Task brief → The whole of the data must be transcribed exactly.
────────────────────────────────────────
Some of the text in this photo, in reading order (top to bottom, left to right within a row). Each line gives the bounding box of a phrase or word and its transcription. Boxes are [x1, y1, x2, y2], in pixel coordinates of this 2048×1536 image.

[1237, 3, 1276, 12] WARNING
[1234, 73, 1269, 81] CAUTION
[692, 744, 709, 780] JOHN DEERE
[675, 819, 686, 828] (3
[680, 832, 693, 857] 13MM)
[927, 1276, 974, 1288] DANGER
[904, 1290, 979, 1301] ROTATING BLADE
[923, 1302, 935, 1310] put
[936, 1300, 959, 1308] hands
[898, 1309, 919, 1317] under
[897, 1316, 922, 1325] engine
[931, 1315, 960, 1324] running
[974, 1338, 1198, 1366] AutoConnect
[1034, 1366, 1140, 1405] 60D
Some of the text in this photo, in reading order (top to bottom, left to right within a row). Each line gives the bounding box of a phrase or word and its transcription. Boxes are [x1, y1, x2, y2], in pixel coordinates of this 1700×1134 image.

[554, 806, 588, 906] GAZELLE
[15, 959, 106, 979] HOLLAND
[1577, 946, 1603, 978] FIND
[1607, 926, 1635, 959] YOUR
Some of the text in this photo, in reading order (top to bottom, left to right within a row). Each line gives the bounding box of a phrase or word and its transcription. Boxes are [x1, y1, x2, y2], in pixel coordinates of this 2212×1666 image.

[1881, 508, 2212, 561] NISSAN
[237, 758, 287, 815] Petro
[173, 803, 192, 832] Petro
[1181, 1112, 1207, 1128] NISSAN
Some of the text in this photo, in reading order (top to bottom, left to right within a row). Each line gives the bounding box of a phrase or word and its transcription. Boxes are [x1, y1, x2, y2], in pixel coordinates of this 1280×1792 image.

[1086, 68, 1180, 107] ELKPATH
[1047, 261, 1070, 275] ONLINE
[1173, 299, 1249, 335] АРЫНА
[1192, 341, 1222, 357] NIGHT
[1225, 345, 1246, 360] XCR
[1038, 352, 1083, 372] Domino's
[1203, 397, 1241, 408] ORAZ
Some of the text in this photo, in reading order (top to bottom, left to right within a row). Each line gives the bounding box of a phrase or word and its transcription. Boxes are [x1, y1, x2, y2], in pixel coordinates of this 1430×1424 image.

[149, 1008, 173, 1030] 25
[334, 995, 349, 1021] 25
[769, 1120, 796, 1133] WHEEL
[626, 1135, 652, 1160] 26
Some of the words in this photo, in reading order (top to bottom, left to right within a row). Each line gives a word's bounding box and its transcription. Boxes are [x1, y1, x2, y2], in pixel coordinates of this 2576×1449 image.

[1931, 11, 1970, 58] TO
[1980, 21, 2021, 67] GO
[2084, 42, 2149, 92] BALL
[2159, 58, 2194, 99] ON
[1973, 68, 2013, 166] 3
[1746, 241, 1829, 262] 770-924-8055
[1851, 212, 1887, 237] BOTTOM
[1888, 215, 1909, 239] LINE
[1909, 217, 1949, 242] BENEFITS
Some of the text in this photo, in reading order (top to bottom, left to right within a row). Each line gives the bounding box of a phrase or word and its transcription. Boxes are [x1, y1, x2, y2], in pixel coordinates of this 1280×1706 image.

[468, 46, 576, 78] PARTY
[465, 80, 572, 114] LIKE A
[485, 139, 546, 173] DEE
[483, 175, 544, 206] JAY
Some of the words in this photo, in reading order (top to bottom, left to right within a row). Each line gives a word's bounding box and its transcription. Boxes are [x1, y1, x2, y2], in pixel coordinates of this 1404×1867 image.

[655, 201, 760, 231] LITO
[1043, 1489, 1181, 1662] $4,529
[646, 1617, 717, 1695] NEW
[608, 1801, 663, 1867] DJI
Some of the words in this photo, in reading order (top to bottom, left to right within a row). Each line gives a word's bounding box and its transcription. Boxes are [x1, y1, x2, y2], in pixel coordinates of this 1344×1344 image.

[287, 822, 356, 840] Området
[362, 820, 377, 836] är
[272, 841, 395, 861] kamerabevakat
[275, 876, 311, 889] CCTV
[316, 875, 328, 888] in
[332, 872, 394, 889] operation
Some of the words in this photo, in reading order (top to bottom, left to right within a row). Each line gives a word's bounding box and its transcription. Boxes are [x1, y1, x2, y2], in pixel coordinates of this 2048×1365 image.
────────────────────────────────────────
Solution below →
Some of the text in this photo, in reading order (top to bottom, left to right within a row). Each line gives the bounding box of a phrase or word and its transcription. Boxes are [x1, y1, x2, y2], in pixel coordinates of this 2048×1536 image.

[1237, 3, 1276, 12] WARNING
[1234, 73, 1269, 81] CAUTION
[692, 744, 709, 780] JOHN DEERE
[675, 819, 686, 828] (3
[680, 832, 693, 857] 13MM)
[927, 1276, 974, 1288] DANGER
[904, 1290, 979, 1301] ROTATING BLADE
[923, 1302, 935, 1310] put
[936, 1300, 959, 1308] hands
[898, 1309, 919, 1317] under
[897, 1316, 922, 1325] engine
[931, 1315, 960, 1324] running
[974, 1338, 1198, 1366] AutoConnect
[1034, 1366, 1140, 1405] 60D
Some of the text in this photo, in reading order (top to bottom, left to right within a row). Each line gives the bounding box of a phrase or word and its transcription. Boxes are [x1, y1, x2, y2], in pixel coordinates of this 1700×1134 image.

[554, 806, 588, 906] GAZELLE
[15, 959, 106, 979] HOLLAND
[1577, 946, 1603, 978] FIND
[1607, 926, 1635, 959] YOUR
Some of the text in this photo, in reading order (top to bottom, left to right within a row). Each line gives the bounding box of a phrase or word and its transcription. Boxes are [x1, y1, x2, y2], in pixel coordinates of this 2212×1666 image.

[1881, 508, 2212, 561] NISSAN
[237, 758, 287, 815] Petro
[173, 803, 192, 832] Petro
[1181, 1112, 1207, 1128] NISSAN
Some of the text in this photo, in reading order (top to bottom, left to right within a row). Each line gives the bounding box of a phrase or word and its transcription. Boxes are [x1, y1, x2, y2], in pixel coordinates of this 1280×1792 image.

[1086, 68, 1180, 107] ELKPATH
[1047, 261, 1070, 275] ONLINE
[1173, 299, 1249, 335] АРЫНА
[1192, 341, 1222, 357] NIGHT
[1225, 345, 1246, 360] XCR
[1038, 352, 1083, 372] Domino's
[1203, 397, 1241, 408] ORAZ
Some of the text in this photo, in reading order (top to bottom, left to right within a row). Each line gives the bounding box of a phrase or word and its transcription. Boxes are [x1, y1, x2, y2], in pixel coordinates of this 1430×1424 image.

[149, 1008, 173, 1030] 25
[334, 995, 349, 1021] 25
[769, 1120, 796, 1133] WHEEL
[626, 1135, 652, 1160] 26
Some of the words in this photo, in reading order (top to bottom, left to right within a row). Each line gives a word's bounding box and its transcription. Boxes are [x1, y1, x2, y2], in pixel coordinates of this 2576×1449 image.

[1931, 11, 1970, 58] TO
[1980, 21, 2021, 67] GO
[2084, 42, 2149, 92] BALL
[2159, 58, 2194, 99] ON
[1973, 68, 2013, 166] 3
[1746, 241, 1829, 262] 770-924-8055
[1851, 212, 1887, 237] BOTTOM
[1888, 215, 1909, 239] LINE
[1909, 217, 1949, 242] BENEFITS
Some of the text in this photo, in reading order (top to bottom, left to right within a row). Each line gives the bounding box of a phrase or word and its transcription. Boxes are [x1, y1, x2, y2], in pixel coordinates of this 1280×1706 image.

[468, 46, 576, 78] PARTY
[465, 80, 572, 114] LIKE A
[485, 139, 546, 173] DEE
[483, 175, 544, 206] JAY
Some of the words in this photo, in reading order (top to bottom, left to right within a row). Each line gives a word's bounding box and its transcription. Boxes are [x1, y1, x2, y2], in pixel coordinates of this 1404×1867 image.

[655, 201, 760, 231] LITO
[1043, 1489, 1181, 1662] $4,529
[646, 1617, 717, 1695] NEW
[608, 1801, 663, 1867] DJI
Some of the words in this photo, in reading order (top to bottom, left to right within a row). Each line gives a word's bounding box and its transcription. Boxes are [x1, y1, x2, y2], in pixel coordinates of this 1344×1344 image.

[287, 822, 356, 840] Området
[362, 820, 377, 836] är
[272, 841, 395, 861] kamerabevakat
[275, 876, 311, 889] CCTV
[316, 875, 328, 888] in
[332, 872, 394, 889] operation
Some of the words in this photo, in reading order (top to bottom, left to right within a row). Each line gives a word's bounding box and its transcription. Boxes are [x1, y1, x2, y2], in pixel coordinates of this 2048×1365 image.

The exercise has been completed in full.